— The problem —
Keep every word of the entries and print them exactly; the pictures stay out.

[Records from a data source]

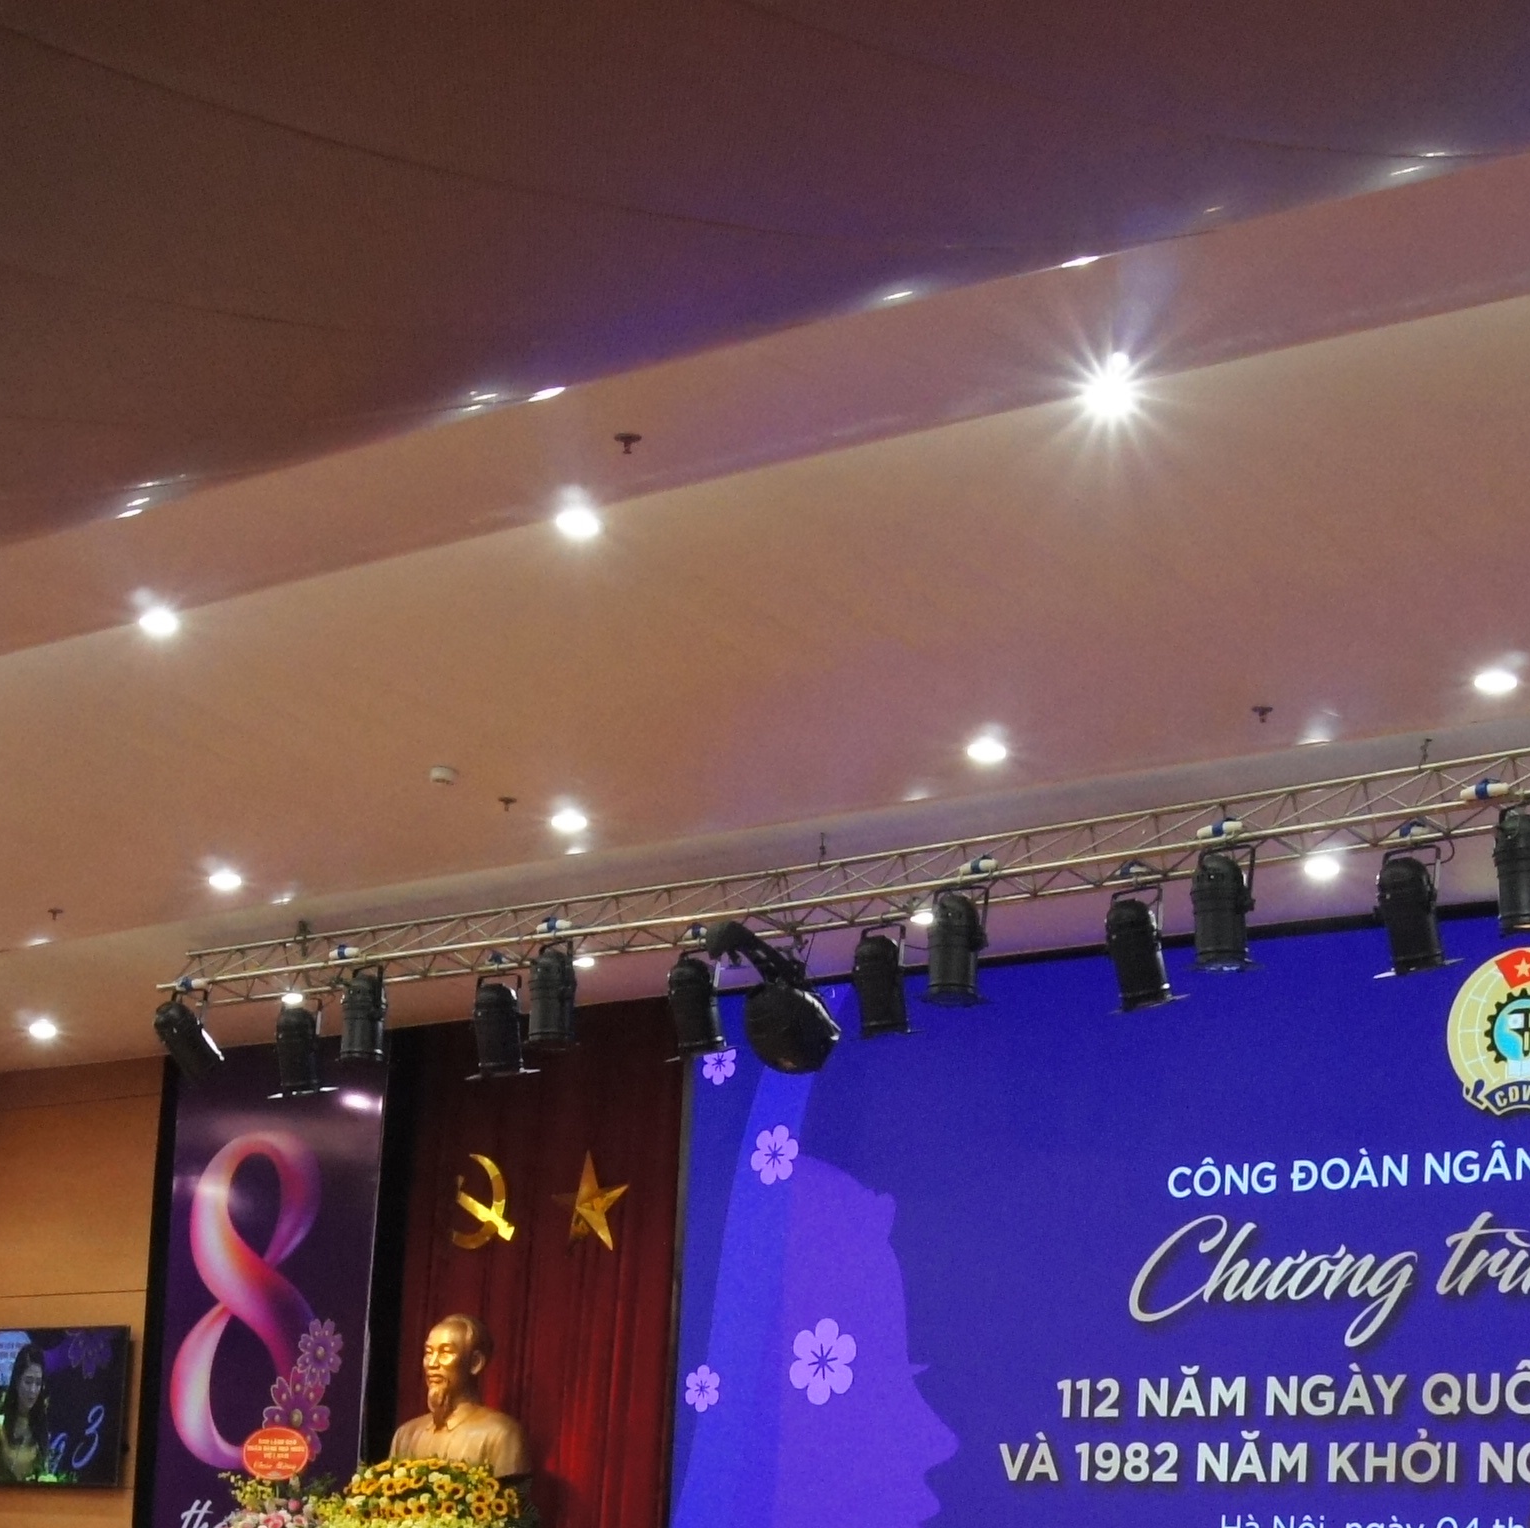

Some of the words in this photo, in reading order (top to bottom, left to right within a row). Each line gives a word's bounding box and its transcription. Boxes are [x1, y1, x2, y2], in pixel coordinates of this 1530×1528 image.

[1167, 1157, 1277, 1198] CÔNG
[1291, 1149, 1409, 1192] ĐOÀN
[1129, 1214, 1418, 1347] Chương
[1057, 1377, 1120, 1418] 112
[1137, 1365, 1247, 1418] NĂM
[1265, 1363, 1407, 1417] NGÀY
[999, 1432, 1059, 1482] VÀ
[1074, 1441, 1179, 1483] 1982
[1196, 1430, 1308, 1483] NĂM
[1327, 1428, 1457, 1483] KHỞI
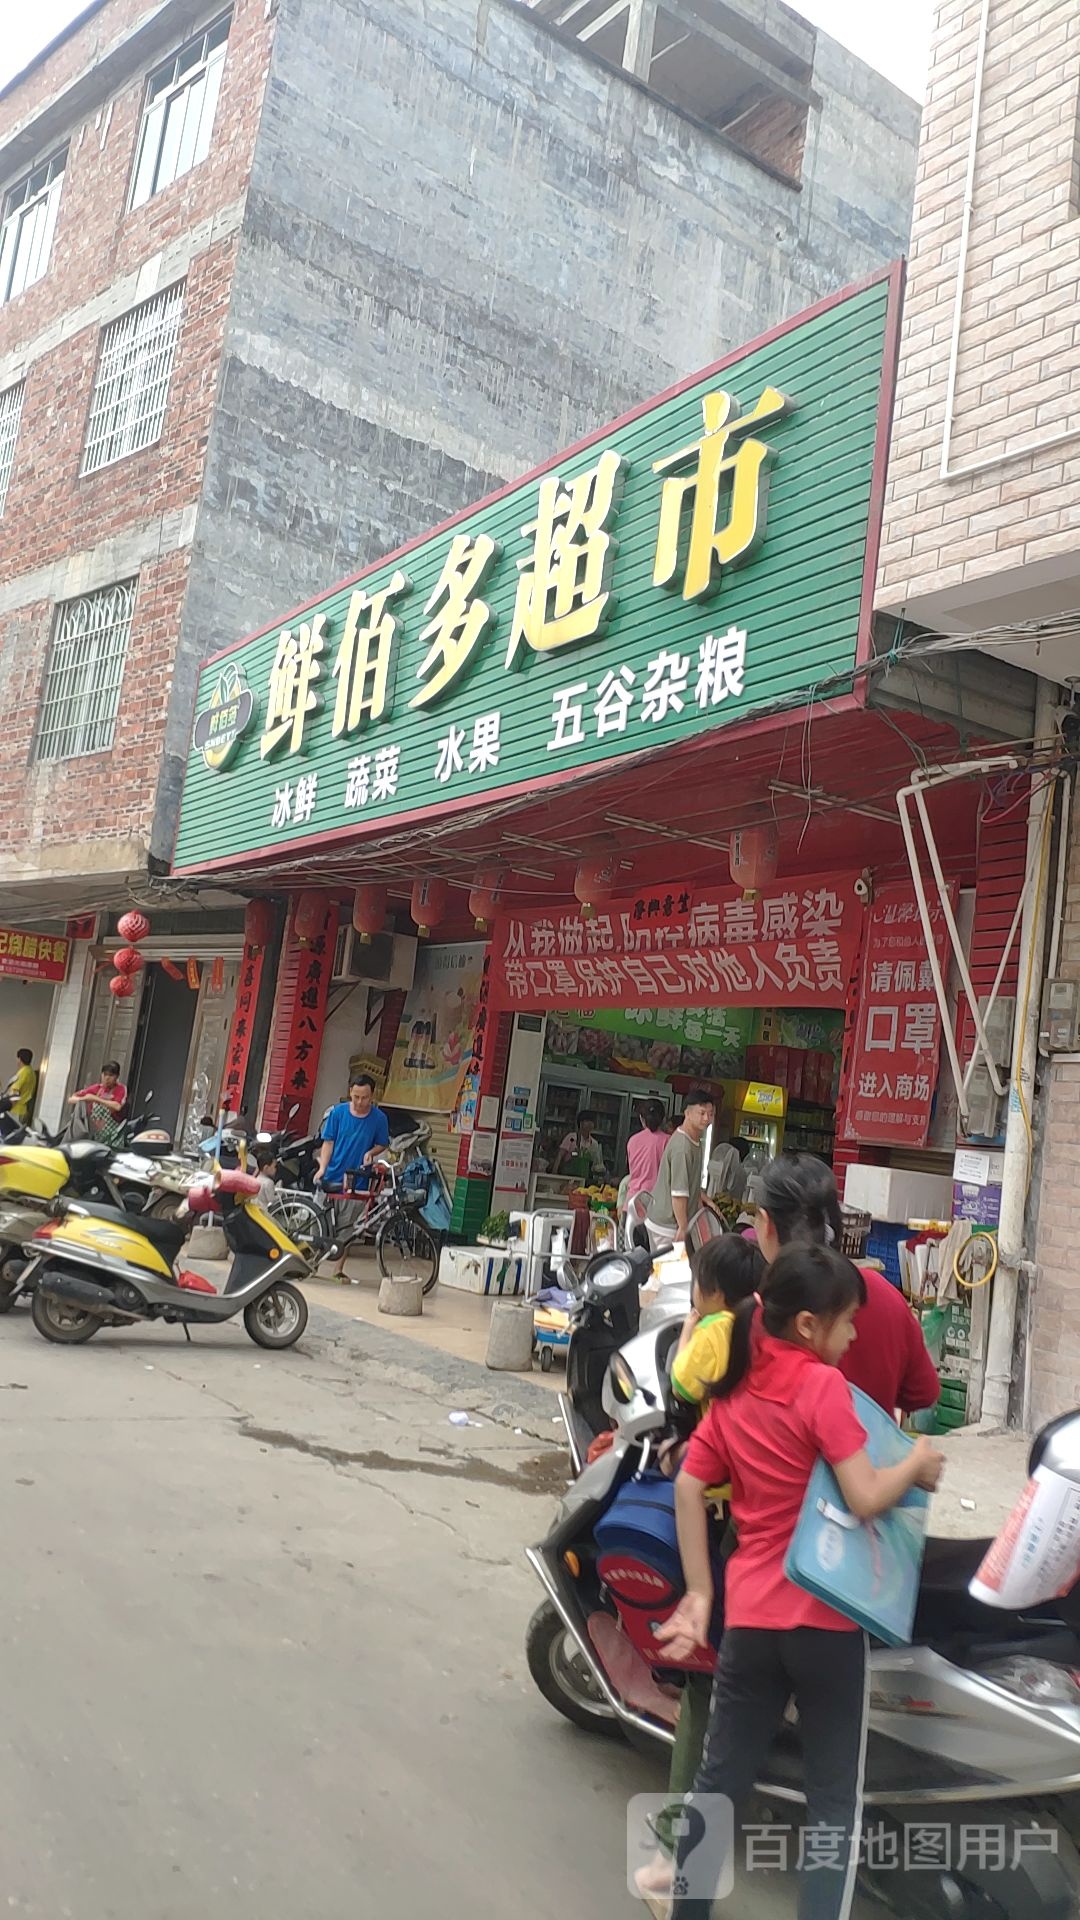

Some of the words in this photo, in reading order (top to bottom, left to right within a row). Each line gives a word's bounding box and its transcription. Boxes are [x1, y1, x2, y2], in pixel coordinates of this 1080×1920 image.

[260, 385, 794, 762] 鲜佰多超市
[546, 626, 748, 751] 五谷杂粮
[434, 712, 500, 782] 水果
[271, 772, 318, 828] 冰鲜
[344, 746, 401, 808] 蔬菜
[684, 1019, 741, 1048] 每一天
[864, 1002, 937, 1055] 口罩
[858, 1071, 930, 1101] 进入商场

— Exercise answer —
Some of the words in this photo, in reading order (top to bottom, left to right within a row). Each line gives a word's bounding box and its transcription. Boxes are [x1, y1, x2, y2], in pixel coordinates of this 1530×1528 image.

[1167, 1157, 1277, 1198] CÔNG
[1291, 1149, 1409, 1192] ĐOÀN
[1129, 1214, 1418, 1347] Chương
[1057, 1377, 1120, 1418] 112
[1137, 1365, 1247, 1418] NĂM
[1265, 1363, 1407, 1417] NGÀY
[999, 1432, 1059, 1482] VÀ
[1074, 1441, 1179, 1483] 1982
[1196, 1430, 1308, 1483] NĂM
[1327, 1428, 1457, 1483] KHỞI

Some of the words in this photo, in reading order (top to bottom, left to right within a row). Each line gives a word's bounding box and its transcription. Boxes are [x1, y1, x2, y2], in pixel coordinates of this 1080×1920 image.

[260, 385, 794, 762] 鲜佰多超市
[546, 626, 748, 751] 五谷杂粮
[434, 712, 500, 782] 水果
[271, 772, 318, 828] 冰鲜
[344, 746, 401, 808] 蔬菜
[684, 1019, 741, 1048] 每一天
[864, 1002, 937, 1055] 口罩
[858, 1071, 930, 1101] 进入商场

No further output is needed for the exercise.